At this point, the real estate industry has been hearing about the importance of data for so long that it is starting to lose its impact. Besides, even the least technological broker or landlord knows well the value of data. They may not call it “data” but every career or portfolio is built on top of market knowledge. Past success, of course, doesn’t mean that there isn’t room for improvement.
Most financial industries rely heavily on data when it comes to decision making. Stock traders, for example, use sophisticated algorithms that can find correlations between trends and price changes and can evaluate thousands, or even millions, of stocks simultaneously.
There are important differences between equities and real estate that prevent computer-assisted analysis from taking place at scale in real estate. Stocks are fungible, every stock issued by a company is worth the same amount. Stocks have a transparent spot market for the price and can be easily bought and sold on electronic exchanges. This is not the case for real estate. Buildings are not uniform, they are different sizes, have different uses, and occupy different locations. Buildings are also not available on an exchange and finding compatible value is difficult since many don’t get transacted more than once in a decade, if at all.

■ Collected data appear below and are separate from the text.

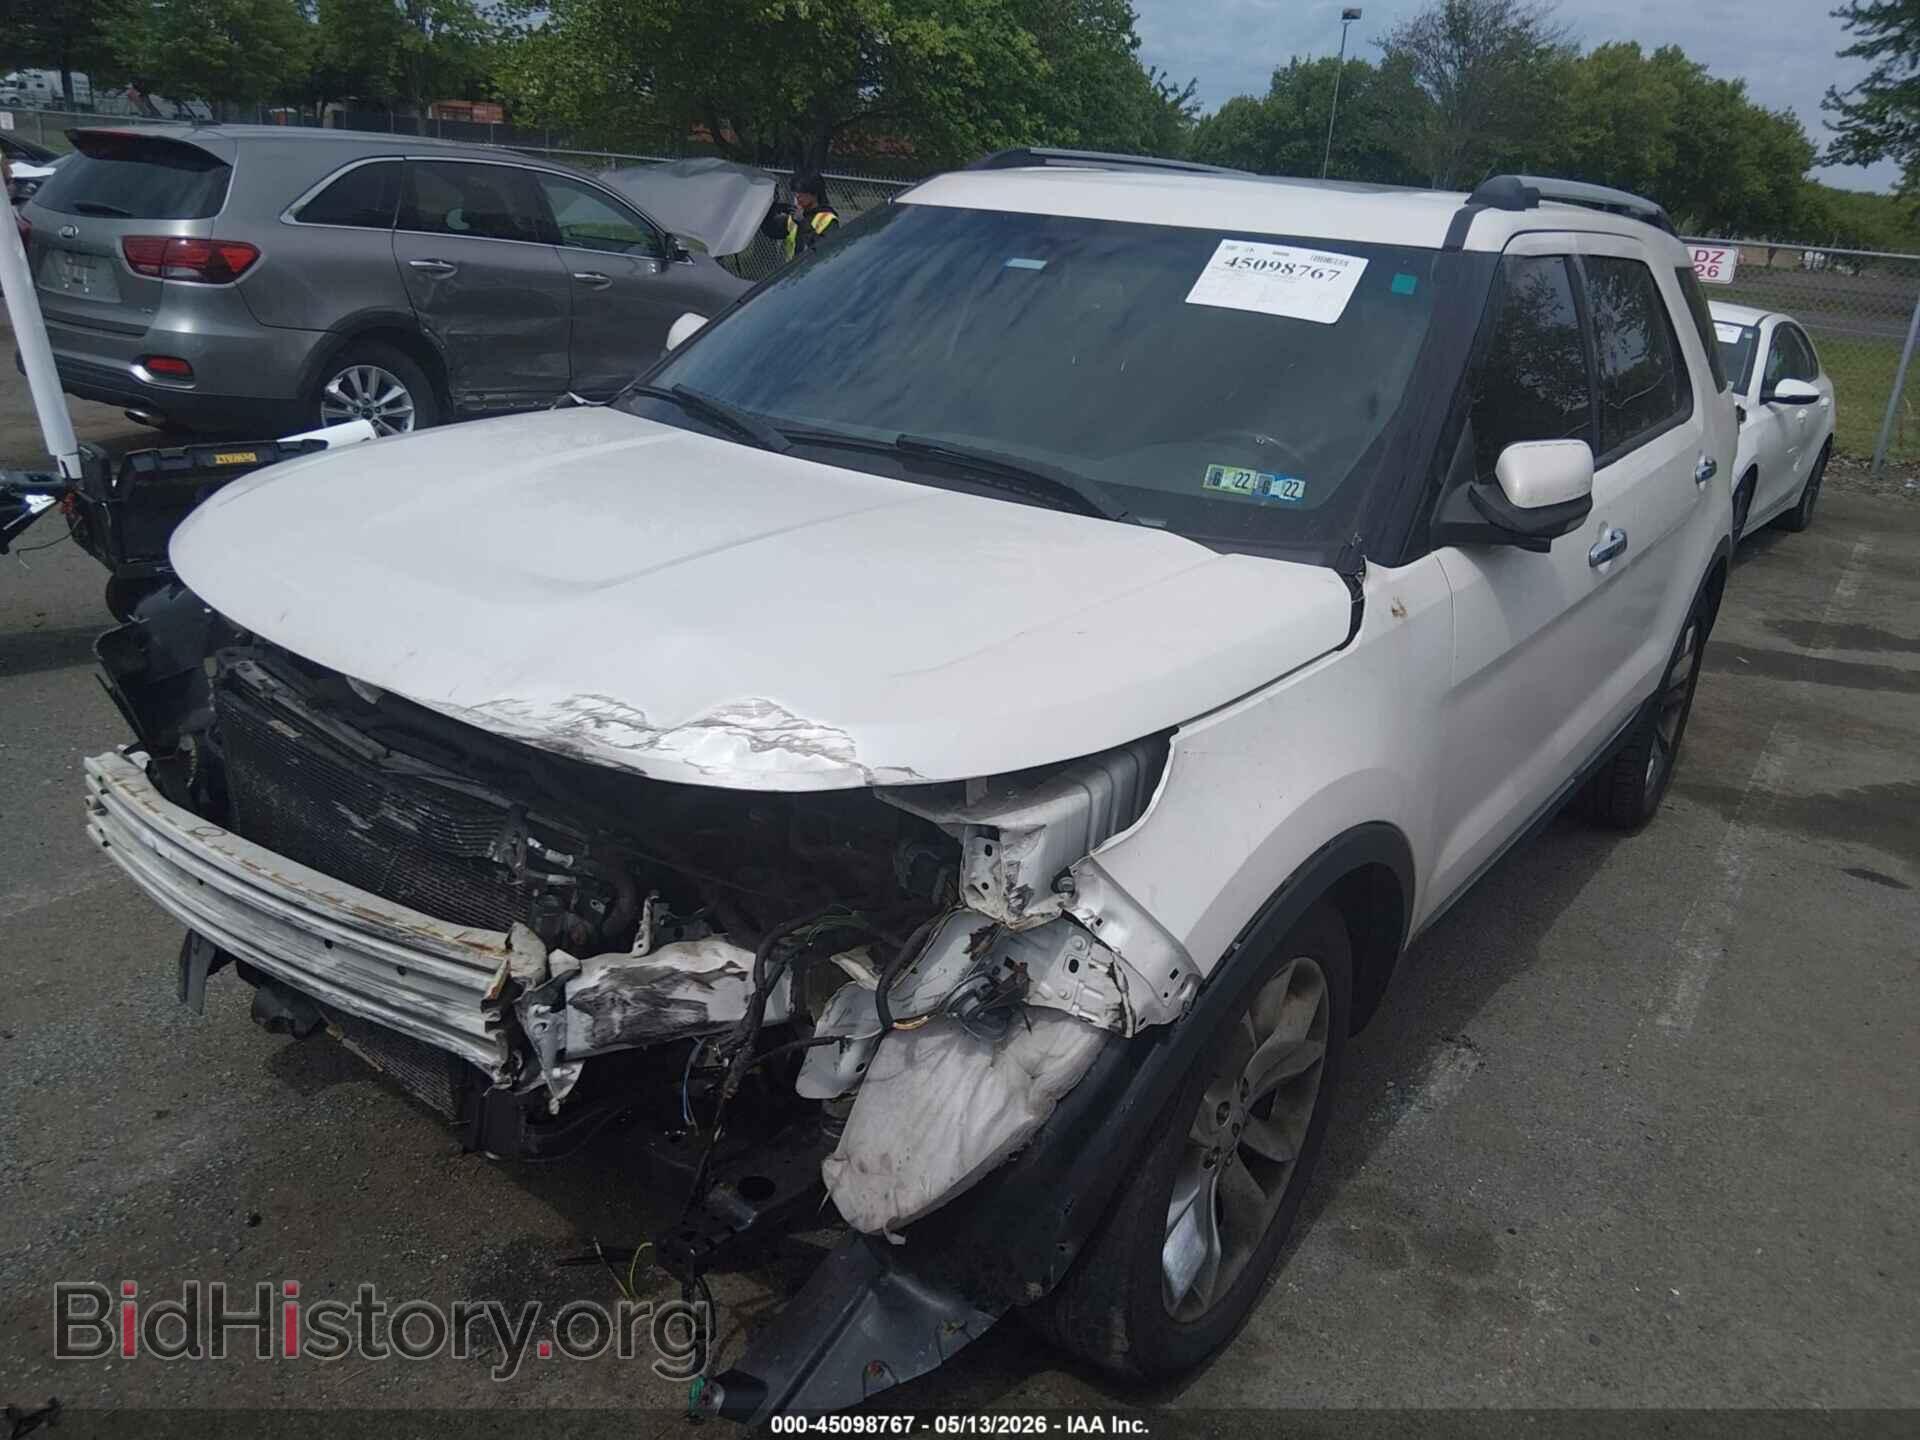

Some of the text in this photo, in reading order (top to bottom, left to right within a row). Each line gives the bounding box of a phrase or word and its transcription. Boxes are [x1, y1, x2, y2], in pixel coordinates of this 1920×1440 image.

[1694, 249, 1725, 264] DZ
[1224, 256, 1341, 282] 45098767
[1695, 264, 1719, 278] 26
[1235, 472, 1250, 489] 22
[1284, 481, 1300, 498] 22

The problem is not the availability of data. There are plenty of places to get property data. The problem is organizing it in a way that it can be easily analyzed. Generally, data is put into three general categories, each with its own pitfalls. The first is public data, things like census information, tax records, or title information that can all be obtained from a public record. This type of data is vital but can sometimes be incorrect (governments have little incentive to double-check numbers) and since it comes from so many different sources, is not standardized. Governmental data can be a good starting point but often needs to be followed up with additional research. For example, one of the most valuable pieces of information is who owns a building, which is often hidden behind the veil of a holding organization such as an LLC.
The next place data can come from is third-party vendors. This data is often sold as a subscription service and is usually quite accurate but limited in coverage (unlike governmental agencies, vendors have every reason to keep their data clean). Clean as it might be, when it comes to data the smallest differences can create problems in the analysis process. Property data is full of these small nuances like whether it should be recorded as “St.” or “Street.” Inconsistencies can also arise because some buildings have multiple addresses or are divided up into a different parcels.

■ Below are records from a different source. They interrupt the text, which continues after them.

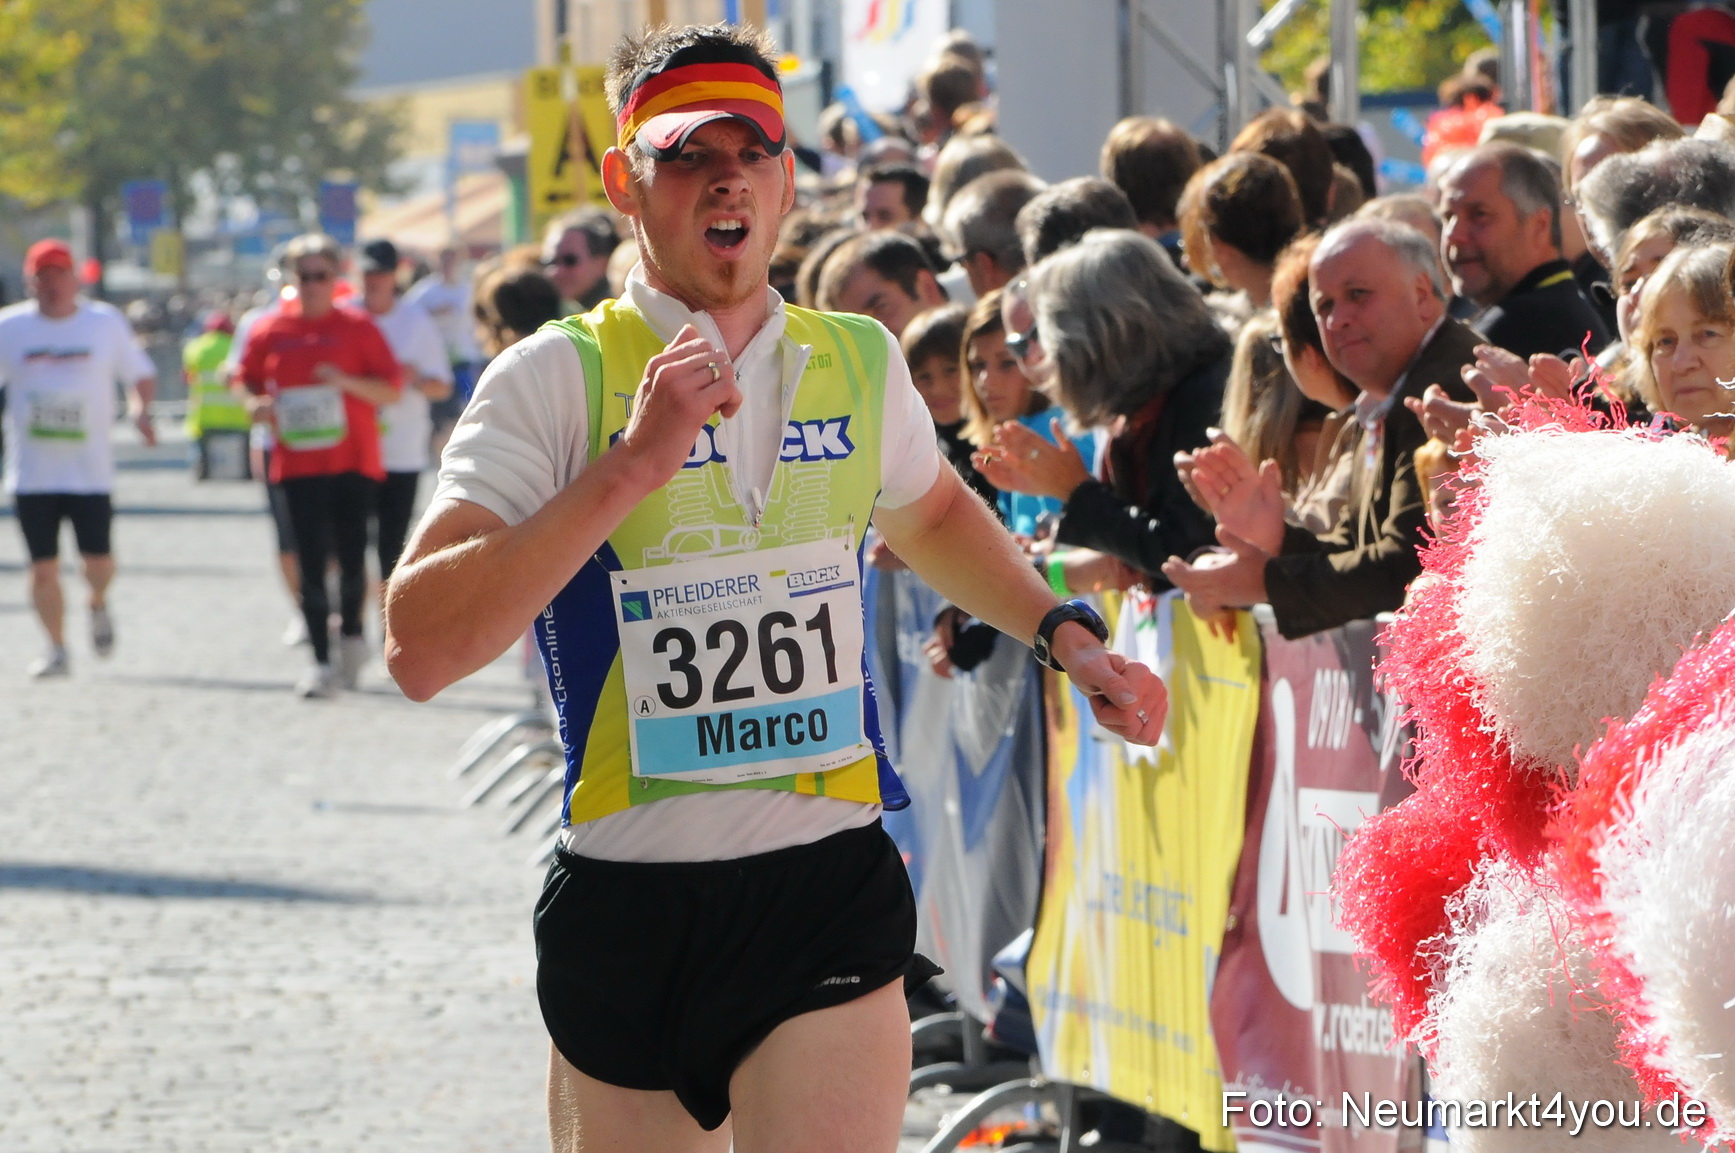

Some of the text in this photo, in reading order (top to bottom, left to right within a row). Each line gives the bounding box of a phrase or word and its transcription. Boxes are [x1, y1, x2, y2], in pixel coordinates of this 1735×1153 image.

[653, 573, 761, 608] PFLEIDERER
[787, 565, 841, 589] BOCK
[656, 595, 763, 619] AKTIENGESELLSCHAFT
[652, 602, 838, 711] 3261
[696, 708, 828, 757] Marco

The last place for property data is from each company’s own internal database. This process differs depending on the size, scope, and organization of each company’s information. A property company can create the biggest competitive advantage by using proprietary data as a focal point of their analysis. Data collection is often the hardest part of internal data. Things like lease agreements, property management data, and accounting data need to be parsed, double checked, and imported. There is also the issue of timing. Not every data source publishes at the same time or covers the same time span. All of these fields need to conform in order to make data useful. In order to keep these records up-to-date programs that can automatically import data from internal documents need to be built.
As you can imagine, putting together a unified data strategy is difficult. So what is the benefit of all of this work? “A lot of our clients are able to expand their acquisition search to other regions or other property types with similar behaviors,” said Alyce Ge, Machine Learning Engineer at Cherre. She helps property companies compile property data in a way that they can use it to make better decisions. One large REIT that Ge has worked with uses data from both deed registries and listing information to identify acquisition opportunities. Another way that she sees some technologically advanced property companies harness data is through competitive analysis. Every property type has leaders that tend to make the smartest decisions. By following their moves others can learn from them or find markets that they overlook.
The power of data compounds. Being able to use data to investigate trends or competitor’s strategy is just the beginning. With enough clean data, smart algorithms can even start to learn from changes in the market. Imagine a program that could give you suggestions in the way that Amazon does when you are buying a book. “If you like this building, you might also like these.” Or how much could be gained from a program that could automatically identify buildings that are likely to go on the market soon? An example of this is how private equity firms that are investing single family portfolios are now connecting directly to MLS systems and automatically bidding on properties using data-driven underwriting processes.
As much as it has been repeated, the importance of data can not be overstated. Information has always been the most valuable commodity in real estate. But with a good data strategy information turns from a commodity to a foundational tool that the entire business is built upon. Making data actionable is not easy, it needs to be aggregated, cleaned, and organized properly in order to be useful. But the painstaking process of making data actionable is, in and of itself, a moat that property companies can use to create and sustain a competitive advantage and what can be more important than that?